[Referring expression grounding data]

^^^^^^^^

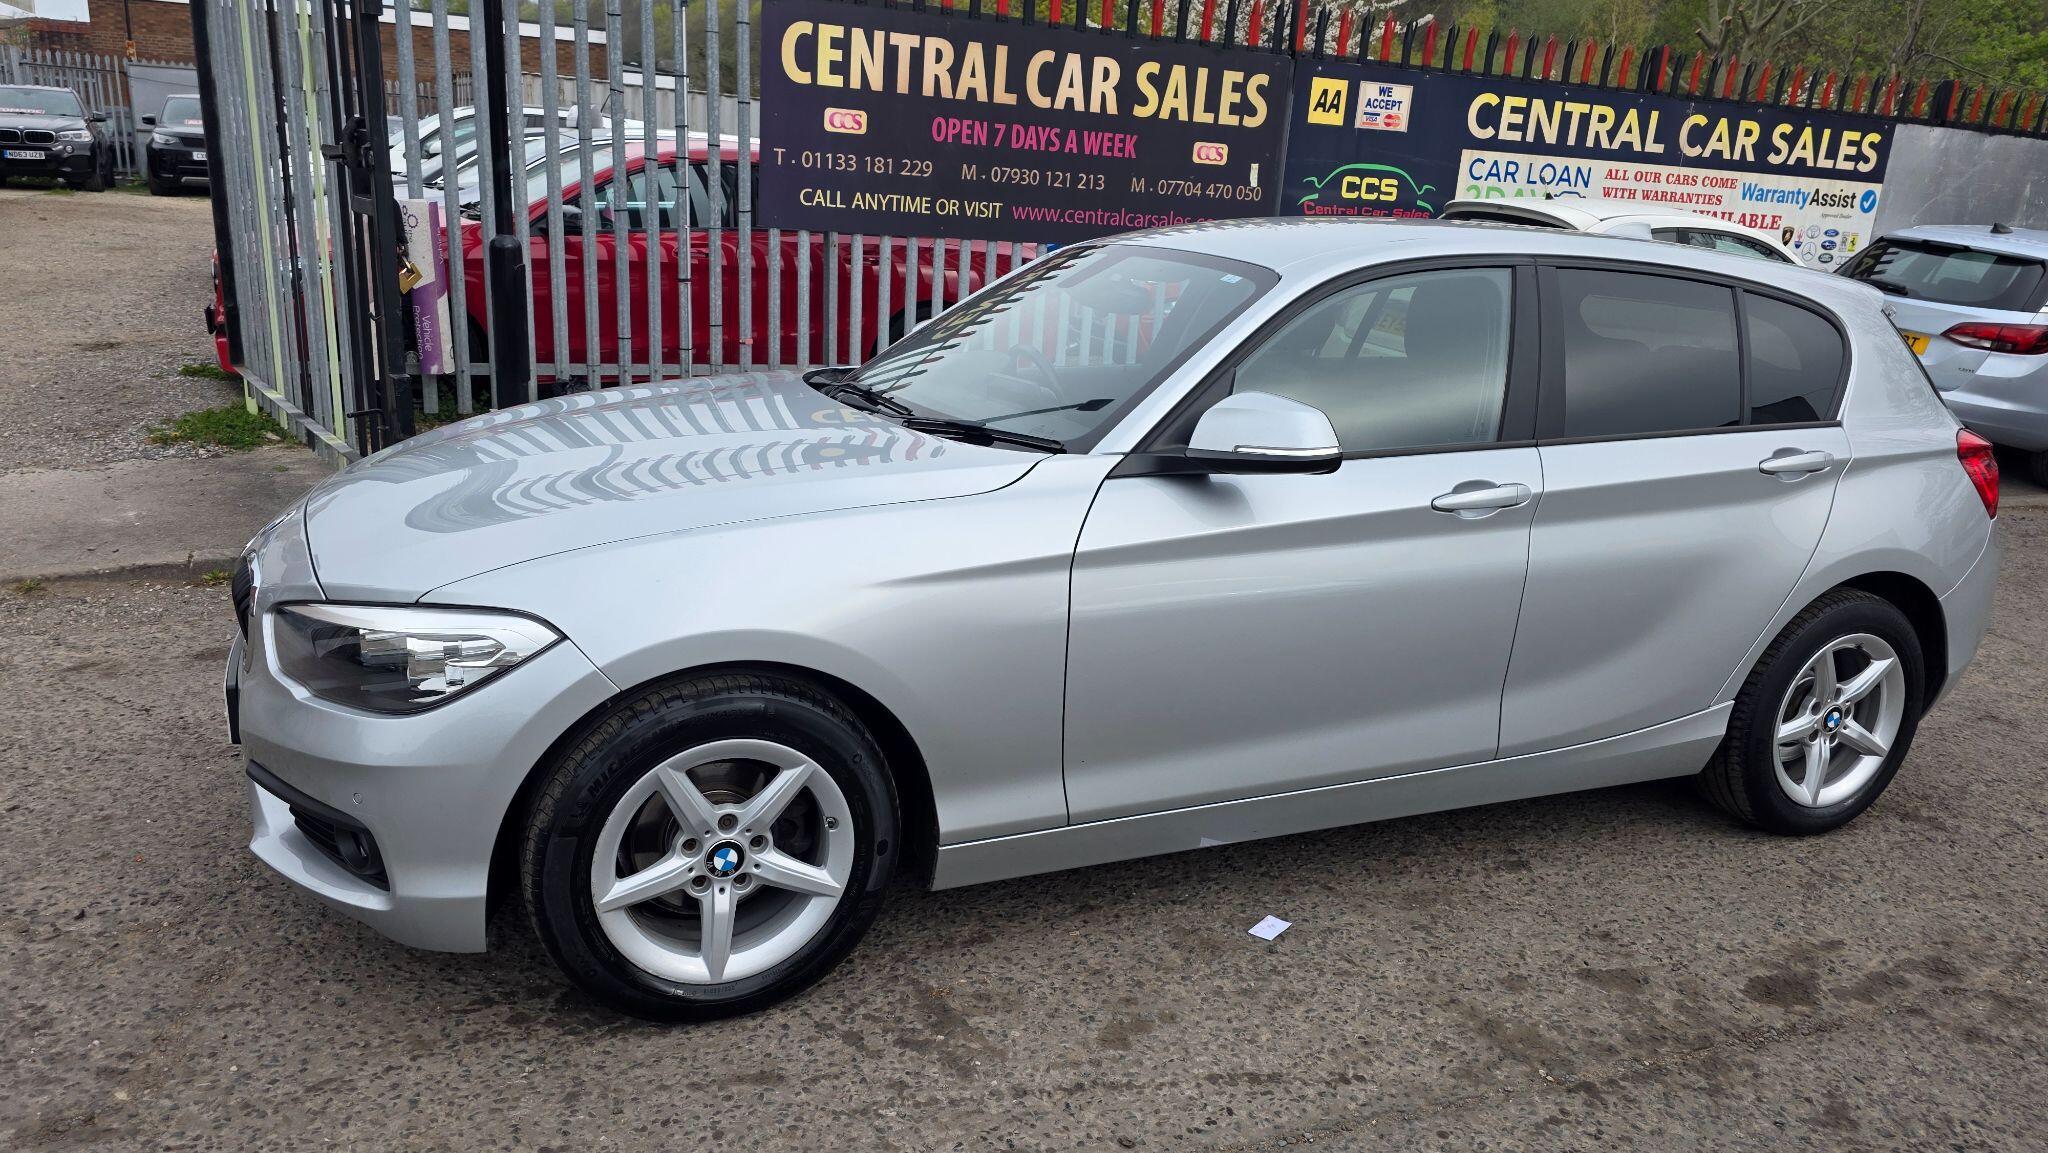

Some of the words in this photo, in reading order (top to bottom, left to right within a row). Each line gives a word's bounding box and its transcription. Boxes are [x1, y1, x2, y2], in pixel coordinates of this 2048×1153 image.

[781, 20, 1017, 105] CENTRAL
[1025, 50, 1121, 115] CAR
[1132, 61, 1270, 128] SALES
[1313, 88, 1342, 114] AA
[1365, 98, 1403, 112] ACCEPT
[1378, 86, 1394, 98] WE
[932, 116, 988, 146] OPEN
[994, 123, 1006, 147] 7
[1011, 124, 1061, 152] DAYS
[1064, 129, 1078, 154] A
[1083, 131, 1138, 159] WEEK
[1467, 92, 1665, 154] CENTRAL
[1678, 114, 1760, 162] CAR
[1766, 122, 1882, 173] SALES
[801, 150, 857, 171] 01133
[864, 156, 893, 174] 181
[900, 159, 933, 177] 229
[1468, 157, 1520, 183] CAR
[1526, 162, 1592, 189] LOAN
[991, 166, 1040, 185] 07930
[1045, 171, 1071, 188] 121
[1077, 173, 1105, 190] 213
[1158, 179, 1202, 197] 07704
[1205, 184, 1232, 199] 470
[1236, 185, 1262, 201] 050
[1341, 175, 1399, 202] CCS
[1604, 168, 1630, 181] ALL
[1633, 170, 1662, 184] OUR
[1665, 172, 1699, 187] CARS
[1701, 175, 1739, 190] COME
[799, 188, 847, 208] CALL
[851, 191, 931, 214] ANYTIME
[935, 198, 960, 216] OR
[964, 200, 1003, 219] VISIT
[1602, 186, 1637, 200] WITH
[1641, 189, 1724, 206] WARRANTIES
[1303, 200, 1358, 215] Central
[1361, 207, 1389, 217] Car
[1392, 208, 1431, 219] Sales
[1692, 209, 1782, 230] AILABLE
[412, 305, 424, 360] Protection
[422, 315, 434, 352] Vehicle
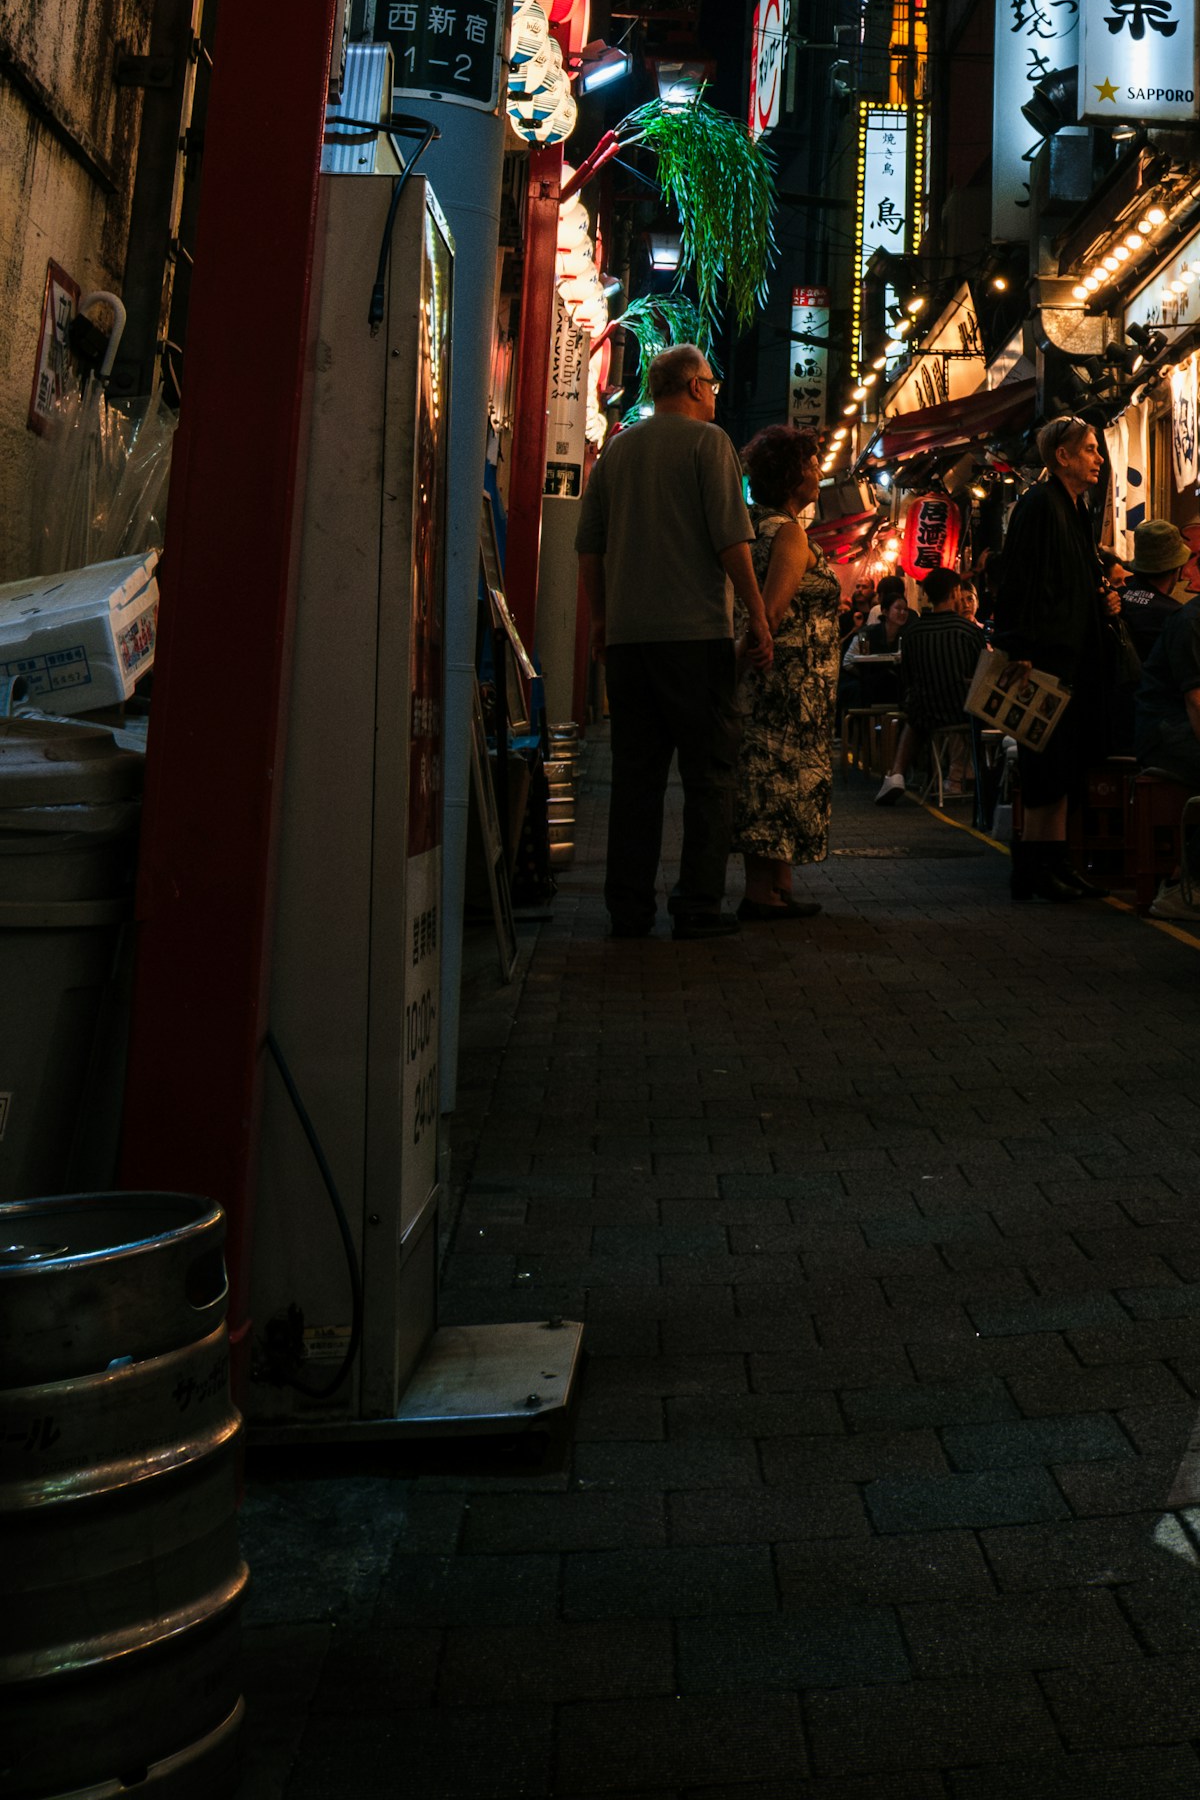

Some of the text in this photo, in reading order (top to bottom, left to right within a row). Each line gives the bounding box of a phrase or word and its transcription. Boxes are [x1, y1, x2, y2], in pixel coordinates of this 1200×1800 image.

^^^^^^^^

= Goal of the exercise =
You need to restate all of the entries above exactly and leave the pictures behind.

= Answer to the problem =
Some of the words in this photo, in reading order (top to bottom, left to right within a row). Each line gives a word's bounding box and its transcription. Boxes are [x1, y1, x2, y2], in pixel coordinates of this 2048×1153 image.

[781, 20, 1017, 105] CENTRAL
[1025, 50, 1121, 115] CAR
[1132, 61, 1270, 128] SALES
[1313, 88, 1342, 114] AA
[1365, 98, 1403, 112] ACCEPT
[1378, 86, 1394, 98] WE
[932, 116, 988, 146] OPEN
[994, 123, 1006, 147] 7
[1011, 124, 1061, 152] DAYS
[1064, 129, 1078, 154] A
[1083, 131, 1138, 159] WEEK
[1467, 92, 1665, 154] CENTRAL
[1678, 114, 1760, 162] CAR
[1766, 122, 1882, 173] SALES
[801, 150, 857, 171] 01133
[864, 156, 893, 174] 181
[900, 159, 933, 177] 229
[1468, 157, 1520, 183] CAR
[1526, 162, 1592, 189] LOAN
[991, 166, 1040, 185] 07930
[1045, 171, 1071, 188] 121
[1077, 173, 1105, 190] 213
[1158, 179, 1202, 197] 07704
[1205, 184, 1232, 199] 470
[1236, 185, 1262, 201] 050
[1341, 175, 1399, 202] CCS
[1604, 168, 1630, 181] ALL
[1633, 170, 1662, 184] OUR
[1665, 172, 1699, 187] CARS
[1701, 175, 1739, 190] COME
[799, 188, 847, 208] CALL
[851, 191, 931, 214] ANYTIME
[935, 198, 960, 216] OR
[964, 200, 1003, 219] VISIT
[1602, 186, 1637, 200] WITH
[1641, 189, 1724, 206] WARRANTIES
[1303, 200, 1358, 215] Central
[1361, 207, 1389, 217] Car
[1392, 208, 1431, 219] Sales
[1692, 209, 1782, 230] AILABLE
[412, 305, 424, 360] Protection
[422, 315, 434, 352] Vehicle

Some of the text in this photo, in reading order (top to bottom, left to right within a row). Each line gives the bounding box of a phrase or word and its transcription. Boxes are [x1, y1, x2, y2], in pixel coordinates of this 1200×1800 image.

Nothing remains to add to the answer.